Industrial Sector Updates – Industrial Policy, Ease of Doing Business, etc.

Draft Development of Enterprise and Service Hubs (DESH) Bill

Note4Students

From UPSC perspective, the following things are important :

Prelims level: SEZ, DESH

Mains level: Success and limitations of the SEZs in India

The Centre plans to table the Development of Enterprise and Service Hubs (DESH) Bill in the monsoon session of the Parliament, which will overhaul the special economic zones (SEZ) legislation.

What are SEZs?

  • A Special Economic Zone (SEZ) is an area in which the business and trade laws are different from the rest of the country.
  • SEZs are located within a country’s national borders, and their aims include increasing trade balance, employment, increased investment, job creation, and effective administration.
  • Additionally, companies may be offered tax holidays, where upon establishing themselves in a zone, they are granted a period of lower taxation.

SEZs in India

  • The SEZ policy in India first came into inception on April 1, 2000.
  • The prime objective was to enhance foreign investment and provide an internationally competitive and hassle-free environment for exports.
  • The idea was to promote exports from the country and realize the need for a level playing field must be made available to the domestic enterprises and manufacturers to be competitive globally.
  • Subsequently, the SEZ Act 2005, was enacted to provide the umbrella legal framework, covering all important legal and regulatory aspects of SEZ development as well as for units operating in SEZs.
  • SEZ units used to enjoy 100% income tax exemption on export income for the first five years, 50% for the next five years, and 50% of the ploughed back export profit for another five years

Why replace the existing SEZ Act?

  • The World Trade Organization’s dispute settlement panel has ruled that India’s export-related schemes, including the SEZ Scheme, were inconsistent with WTO rules.
  • India has been accused of giving tax benefits to exports through SEZs.
  • Countries aren’t allowed to directly subsidize exports as it can distort market prices.
  • SEZs also started losing their allure after the introduction of minimum alternate tax and a sunset clause to remove tax sops.

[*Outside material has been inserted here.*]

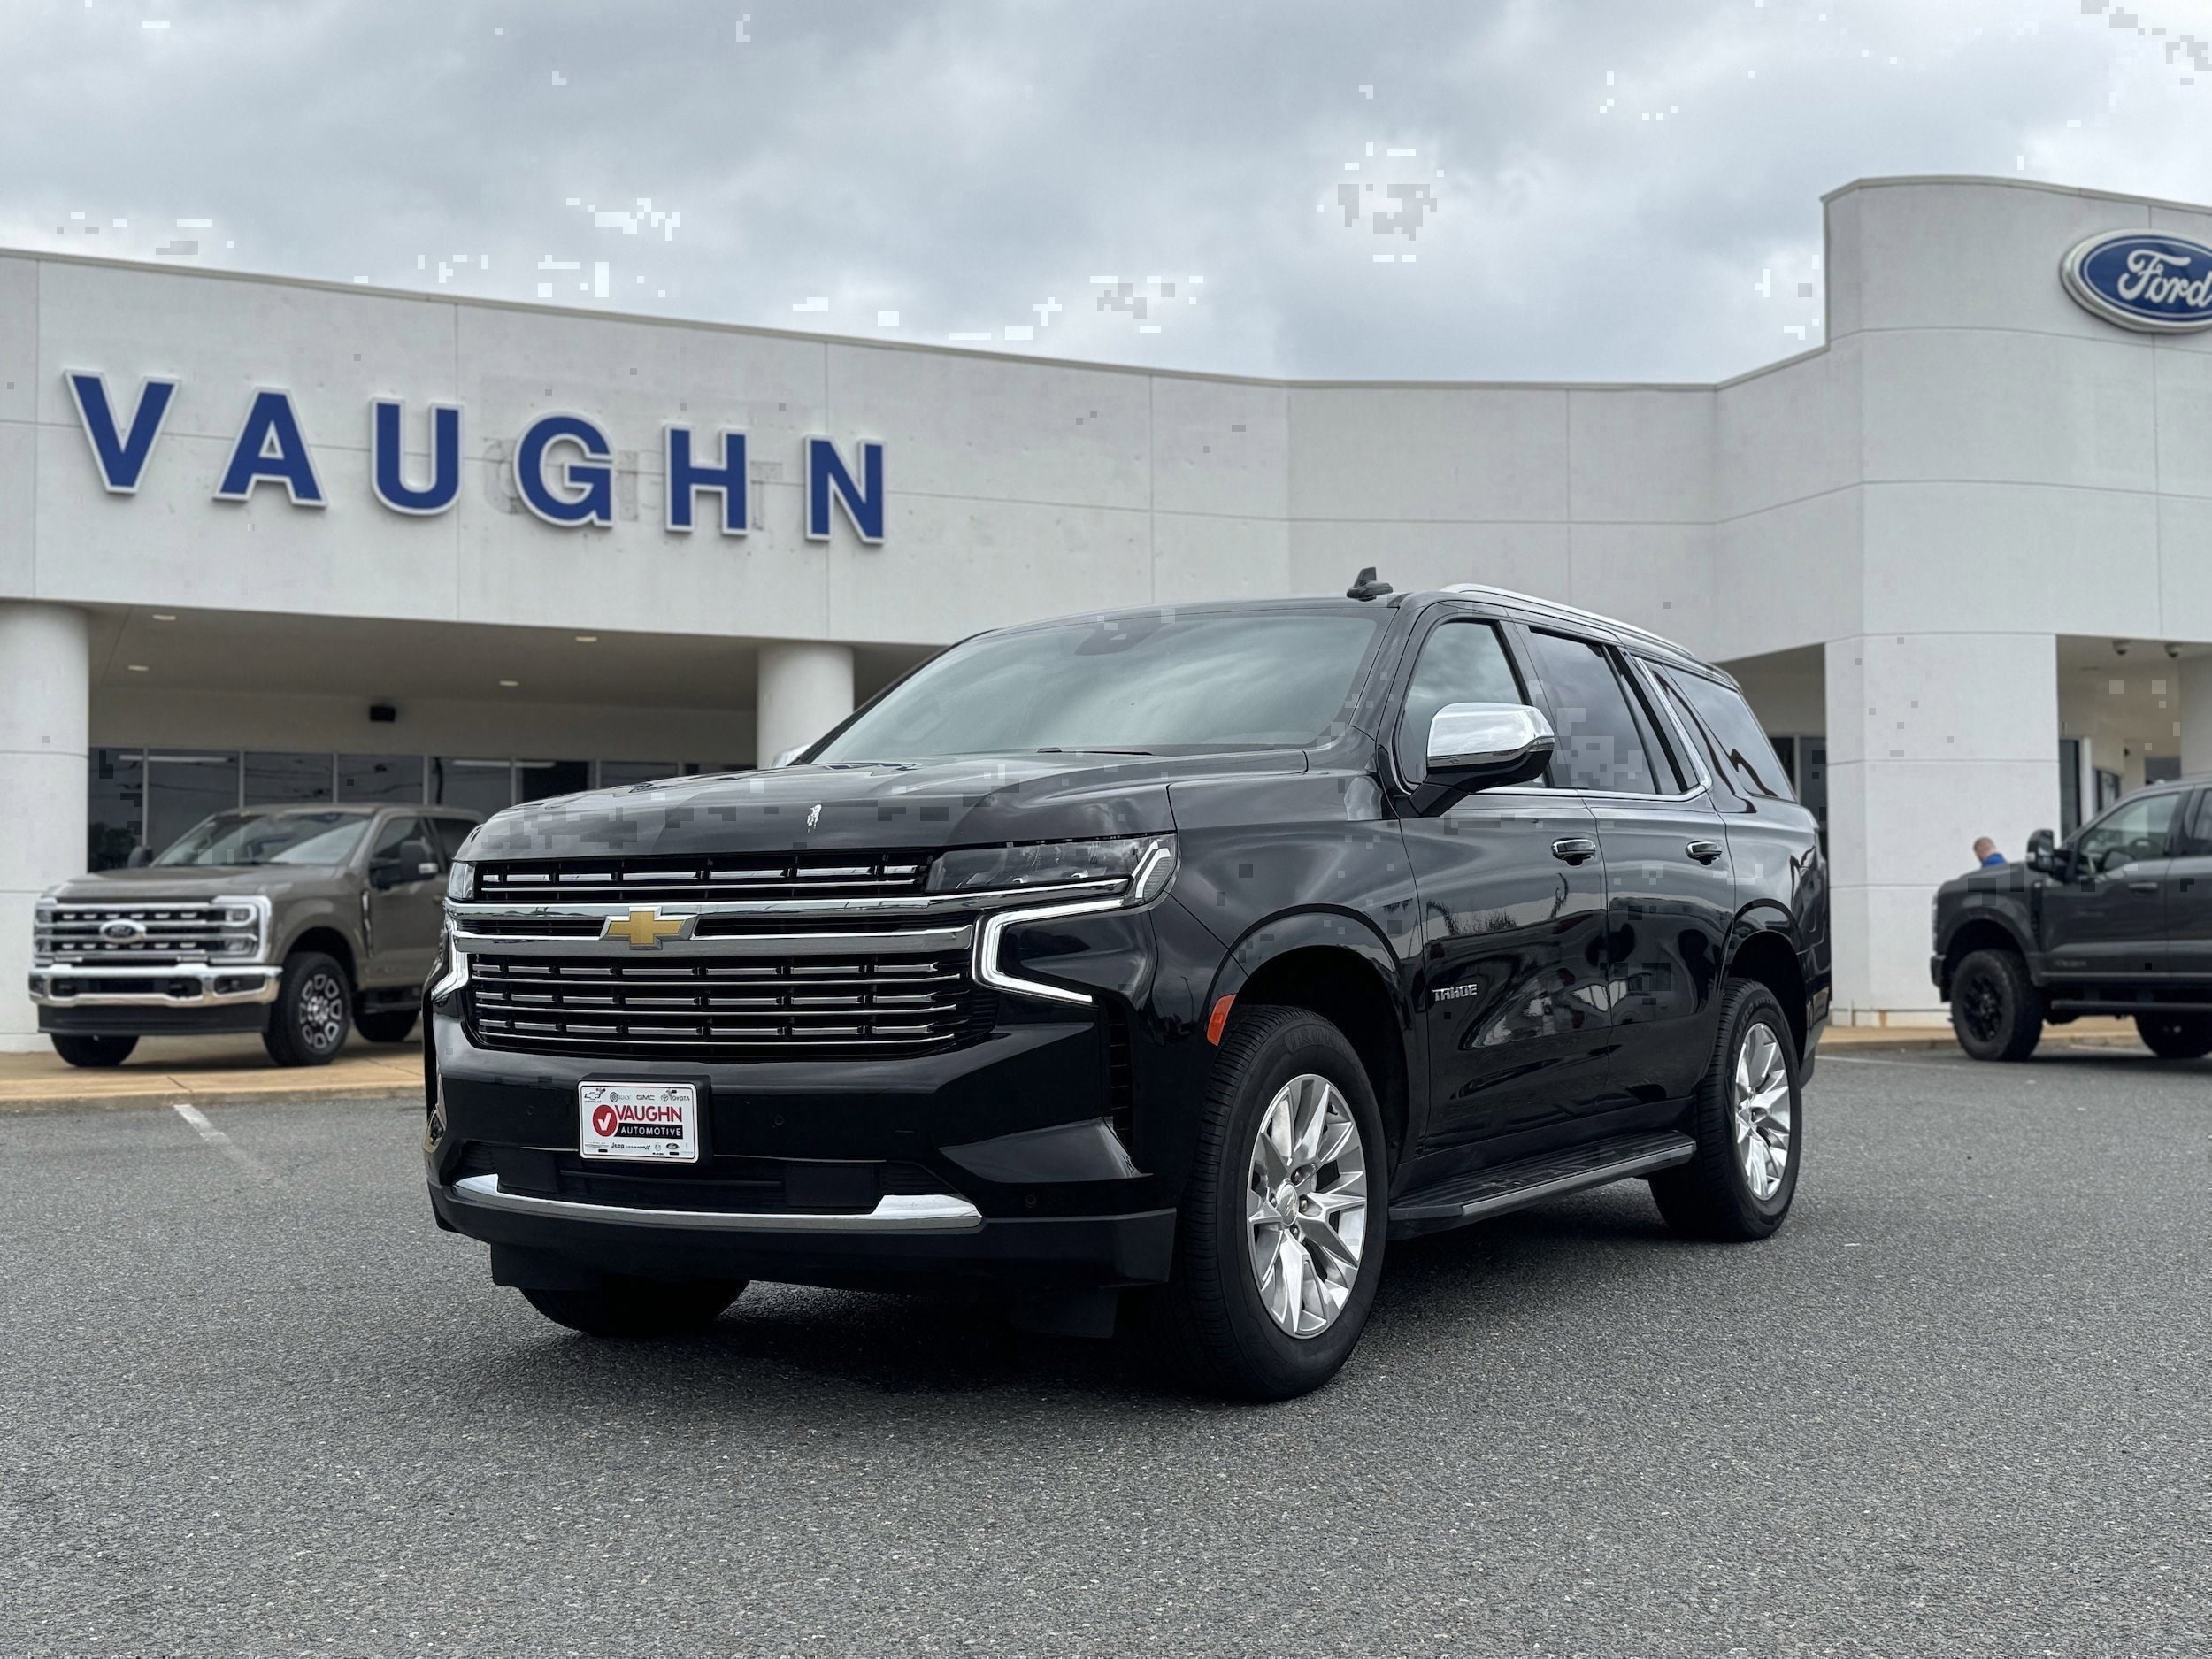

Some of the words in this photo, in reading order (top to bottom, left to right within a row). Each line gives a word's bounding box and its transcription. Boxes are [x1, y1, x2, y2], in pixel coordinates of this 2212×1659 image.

How is the DESH legislation different?

  • The DESH legislation goes beyond promoting exports.
  • It has a much wider objective of boosting domestic manufacturing and job creation through ‘development hubs’.
  • These hubs will no longer be required to be net foreign exchange positive cumulatively in five years (i.e, export more than they import) as mandated in the SEZ regime.
  • They will be allowed to sell in the domestic area more easily. The hubs will, therefore, be WTO-compliant.
  • DESH legislation also provides for an online single-window portal for the grant of time-bound approvals for establishing and operating the hubs.

Will there be any tax benefits at these hubs?

  • It’s not clear yet.
  • However, the draft Bill does state that states and the Centre will be allowed to give further incentives in the form of tax rebates, incentives, exemptions, and duty drawbacks.
  • Subsidy schemes may be offered for goods and services at these hubs.
  • States and the Centre may take fresh measures to speed up clearances and simplify compliance.

Will it be easier to sell in the domestic market?

  • Companies can sell in the domestic market with duties only to be paid on the imported inputs and raw materials instead of the final product.
  • In the current SEZ regime, duty is paid on the final product when a product is sold in the domestic market.
  • Besides, there is no mandatory payment requirement in forex, unlike in the case of SEZs.
  • However, the government may impose an equalization levy on goods or services supplied to the domestic market to bring taxes at par with those provided by units outside

What role will states play in DESH?

  • DESH is expected to play a larger role, definitely.
  • In the SEZ regime, most decisions were made by the commerce department at the Centre.
  • Now, states will be able to participate and even directly send recommendations for development hubs to a central board for approval.
  • Besides, state boards would be set up to oversee the functioning of the hubs.
  • They would have the powers to approve imports or procurement of goods, and monitor the utilization of goods or services, warehousing, and trading in the development hub.

Way forward

  • If indeed India needs the special hubs, the govt must address the critical gaps in existing SEZ law through the DESH bill and it must be thought through before bringing it to the Parliament.
  • Effective implementation of the law could act as a lever to India’s growth.